[Saved entries]
------------------------------------

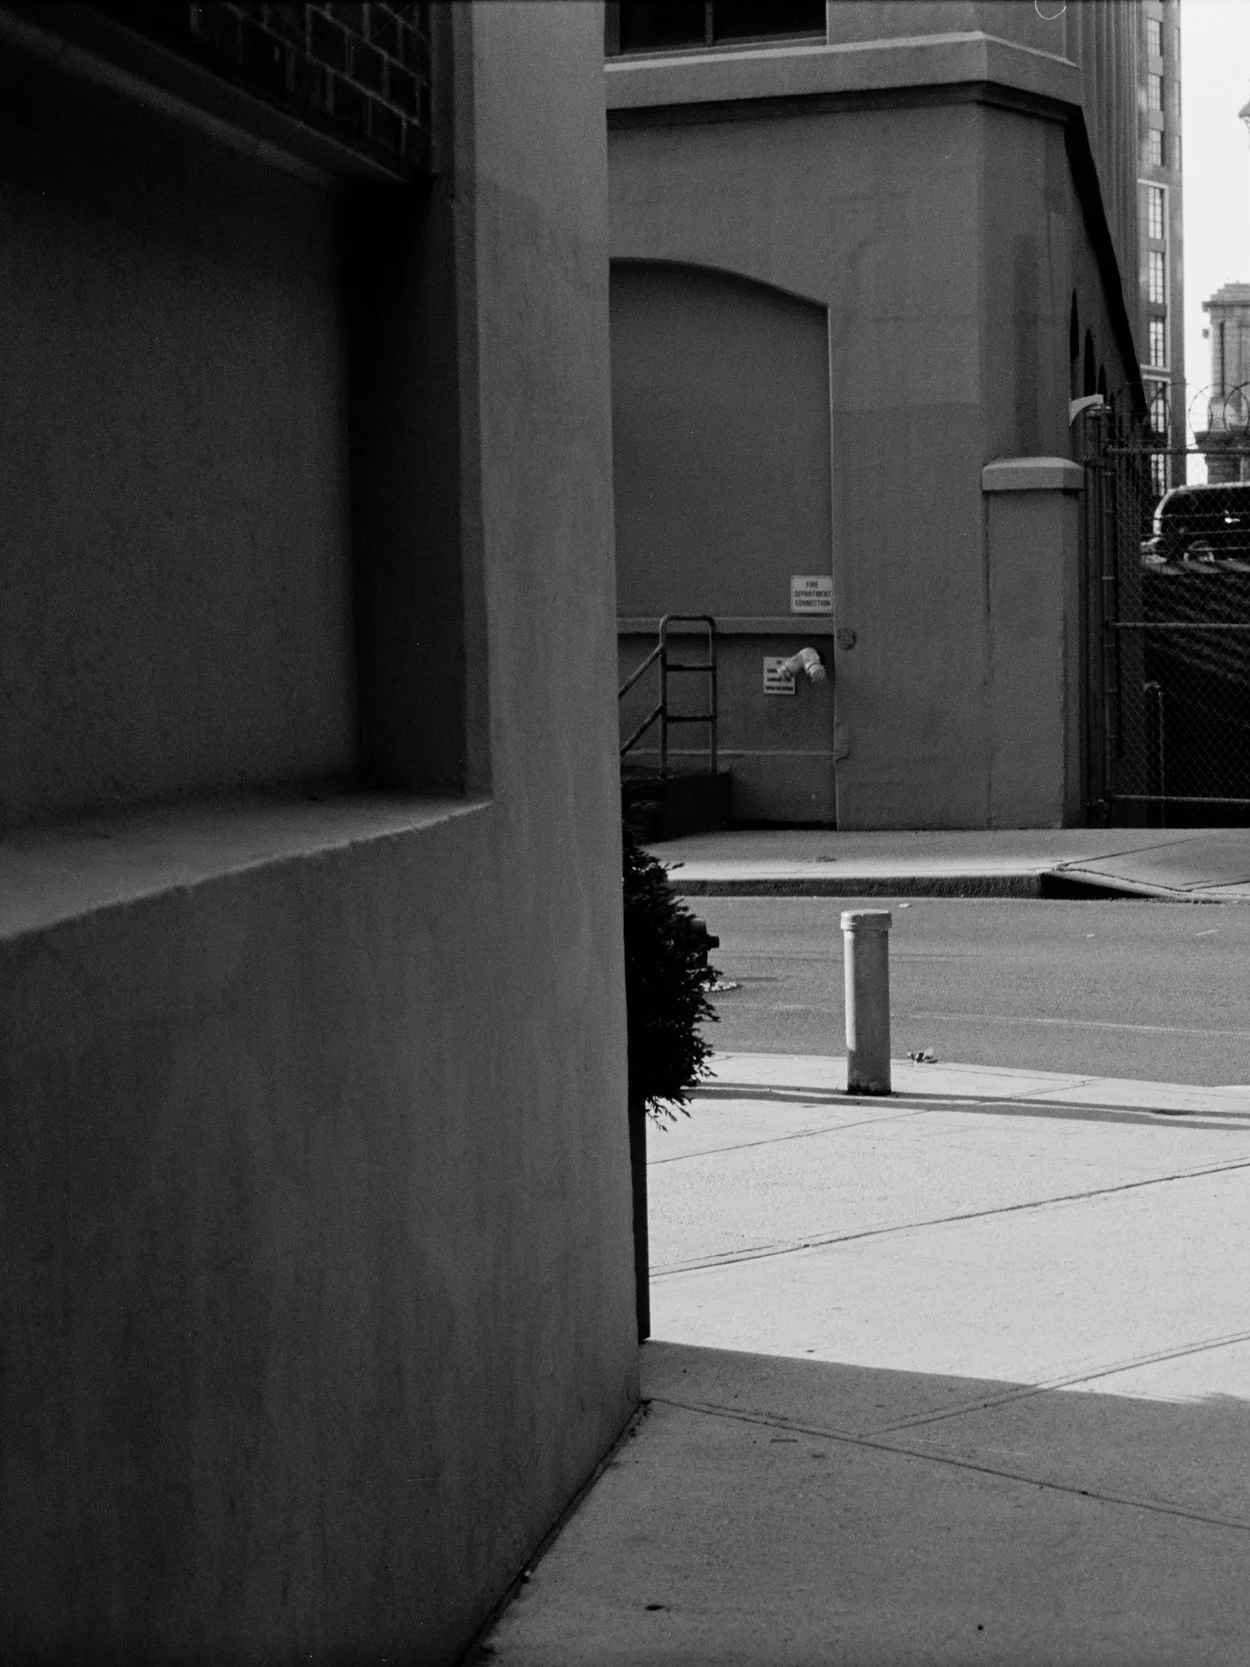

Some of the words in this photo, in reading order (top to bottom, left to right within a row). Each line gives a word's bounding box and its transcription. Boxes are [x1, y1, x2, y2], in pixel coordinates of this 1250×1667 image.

[806, 580, 818, 588] FIRE
[794, 590, 832, 598] DEPARTMENT
[795, 599, 831, 607] CONNECTION
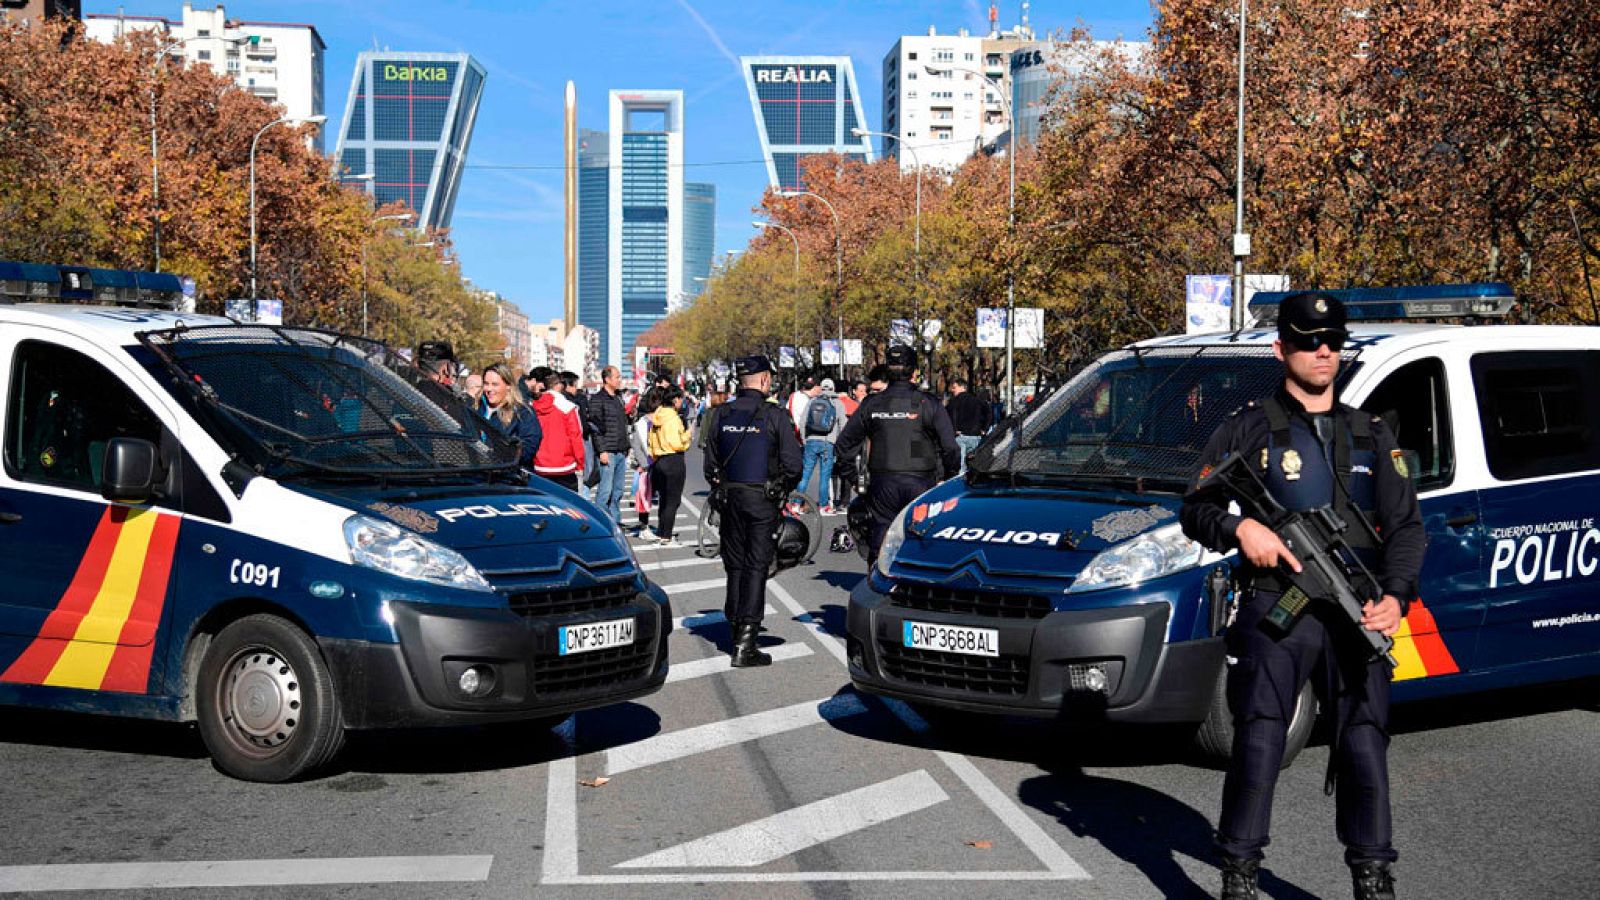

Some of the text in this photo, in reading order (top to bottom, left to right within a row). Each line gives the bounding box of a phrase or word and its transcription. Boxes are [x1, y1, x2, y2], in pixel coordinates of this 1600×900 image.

------------------------------------

Could you restate every record above word for word, dropping the pictures?

Solution to the exercise
Some of the words in this photo, in reading order (top to bottom, left to right within a row). Each line gives a word's bounding box and its transcription. Boxes are [x1, y1, x2, y2], in pixel coordinates of this 1250×1667 image.

[806, 580, 818, 588] FIRE
[794, 590, 832, 598] DEPARTMENT
[795, 599, 831, 607] CONNECTION

Some of the text in this photo, in reading order (top to bottom, left to right within a row). Each line gives the bounding box of a phrase or word and its transcription. Boxes are [x1, y1, x2, y2], in pixel coordinates of this 1600×900 image.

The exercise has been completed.